Stored dataset items
*** Begin section ***

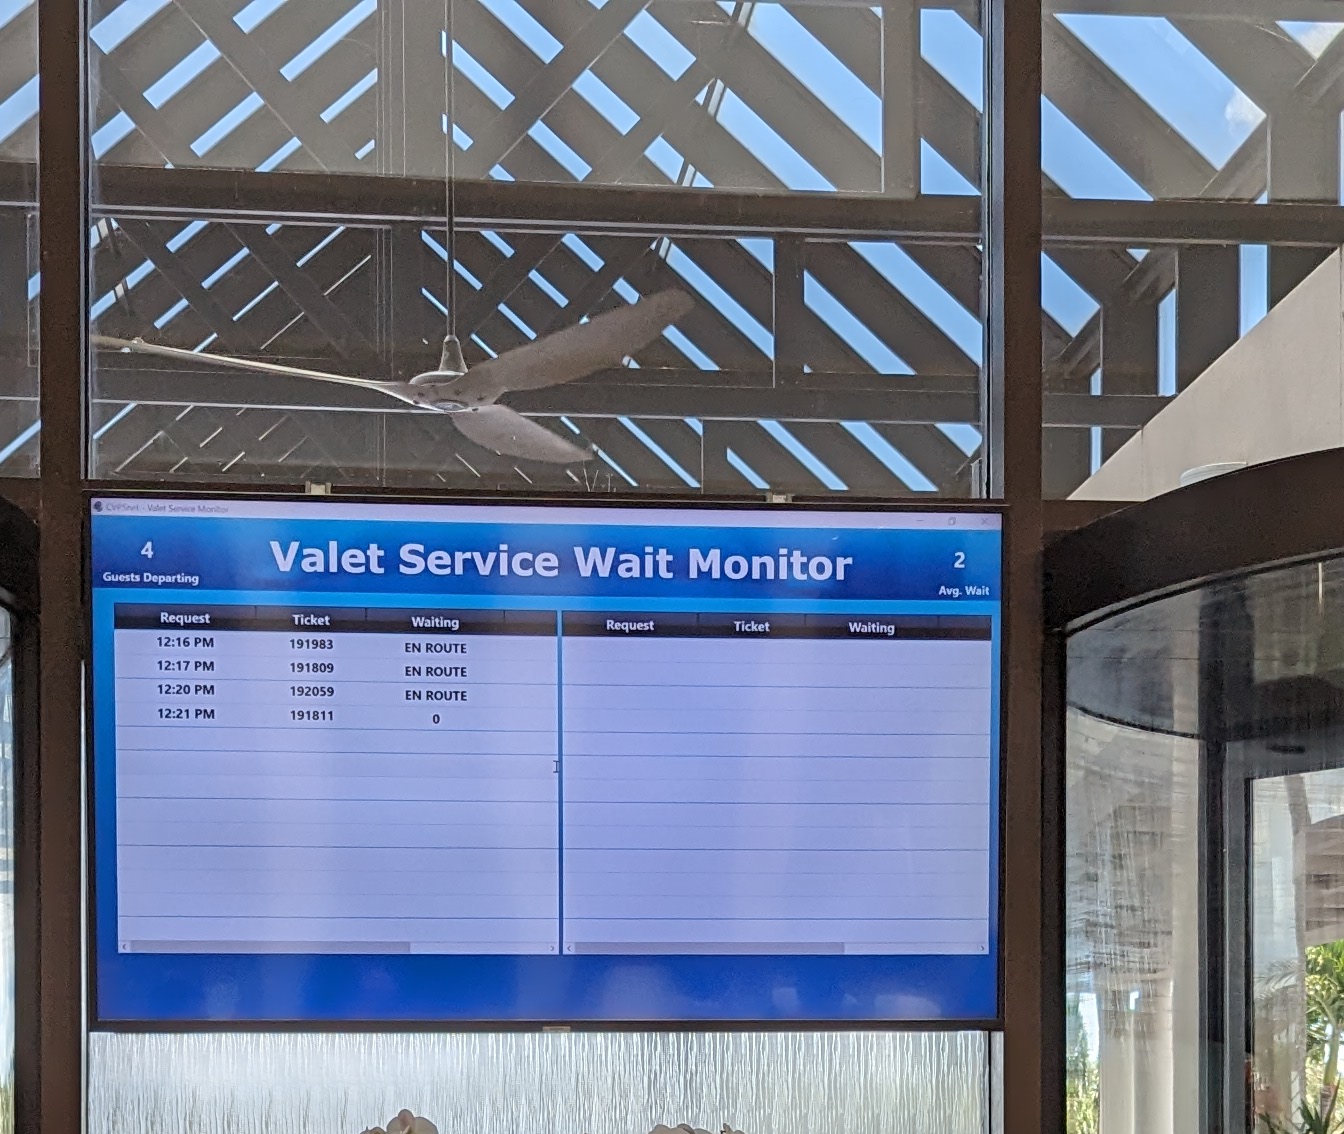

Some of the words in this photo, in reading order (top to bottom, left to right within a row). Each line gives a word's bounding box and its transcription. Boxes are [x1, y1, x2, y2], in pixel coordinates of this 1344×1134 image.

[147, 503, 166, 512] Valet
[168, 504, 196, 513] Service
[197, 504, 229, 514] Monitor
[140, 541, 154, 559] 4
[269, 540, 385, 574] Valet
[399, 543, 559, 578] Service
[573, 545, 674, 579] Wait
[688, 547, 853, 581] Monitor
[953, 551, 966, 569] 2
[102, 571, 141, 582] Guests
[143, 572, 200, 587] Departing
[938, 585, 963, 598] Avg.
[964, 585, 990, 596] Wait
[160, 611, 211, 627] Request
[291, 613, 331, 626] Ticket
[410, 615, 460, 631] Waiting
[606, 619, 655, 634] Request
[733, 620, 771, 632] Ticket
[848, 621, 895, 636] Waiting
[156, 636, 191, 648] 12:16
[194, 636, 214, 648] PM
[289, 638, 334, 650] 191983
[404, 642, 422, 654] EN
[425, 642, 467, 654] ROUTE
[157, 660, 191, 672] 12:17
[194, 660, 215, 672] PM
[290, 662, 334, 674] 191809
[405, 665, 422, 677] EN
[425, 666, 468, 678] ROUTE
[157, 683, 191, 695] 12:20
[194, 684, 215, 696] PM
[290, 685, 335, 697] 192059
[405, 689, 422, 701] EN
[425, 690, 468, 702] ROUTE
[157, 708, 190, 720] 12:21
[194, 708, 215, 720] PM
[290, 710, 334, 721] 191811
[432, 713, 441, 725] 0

*** End section ***

| TASK DESCRIPTION |
Leave the pictures aside and give the records above back word for word.

| RESPONSE |
Some of the words in this photo, in reading order (top to bottom, left to right within a row). Each line gives a word's bounding box and its transcription. Boxes are [x1, y1, x2, y2], in pixel coordinates of this 1344×1134 image.

[147, 503, 166, 512] Valet
[168, 504, 196, 513] Service
[197, 504, 229, 514] Monitor
[140, 541, 154, 559] 4
[269, 540, 385, 574] Valet
[399, 543, 559, 578] Service
[573, 545, 674, 579] Wait
[688, 547, 853, 581] Monitor
[953, 551, 966, 569] 2
[102, 571, 141, 582] Guests
[143, 572, 200, 587] Departing
[938, 585, 963, 598] Avg.
[964, 585, 990, 596] Wait
[160, 611, 211, 627] Request
[291, 613, 331, 626] Ticket
[410, 615, 460, 631] Waiting
[606, 619, 655, 634] Request
[733, 620, 771, 632] Ticket
[848, 621, 895, 636] Waiting
[156, 636, 191, 648] 12:16
[194, 636, 214, 648] PM
[289, 638, 334, 650] 191983
[404, 642, 422, 654] EN
[425, 642, 467, 654] ROUTE
[157, 660, 191, 672] 12:17
[194, 660, 215, 672] PM
[290, 662, 334, 674] 191809
[405, 665, 422, 677] EN
[425, 666, 468, 678] ROUTE
[157, 683, 191, 695] 12:20
[194, 684, 215, 696] PM
[290, 685, 335, 697] 192059
[405, 689, 422, 701] EN
[425, 690, 468, 702] ROUTE
[157, 708, 190, 720] 12:21
[194, 708, 215, 720] PM
[290, 710, 334, 721] 191811
[432, 713, 441, 725] 0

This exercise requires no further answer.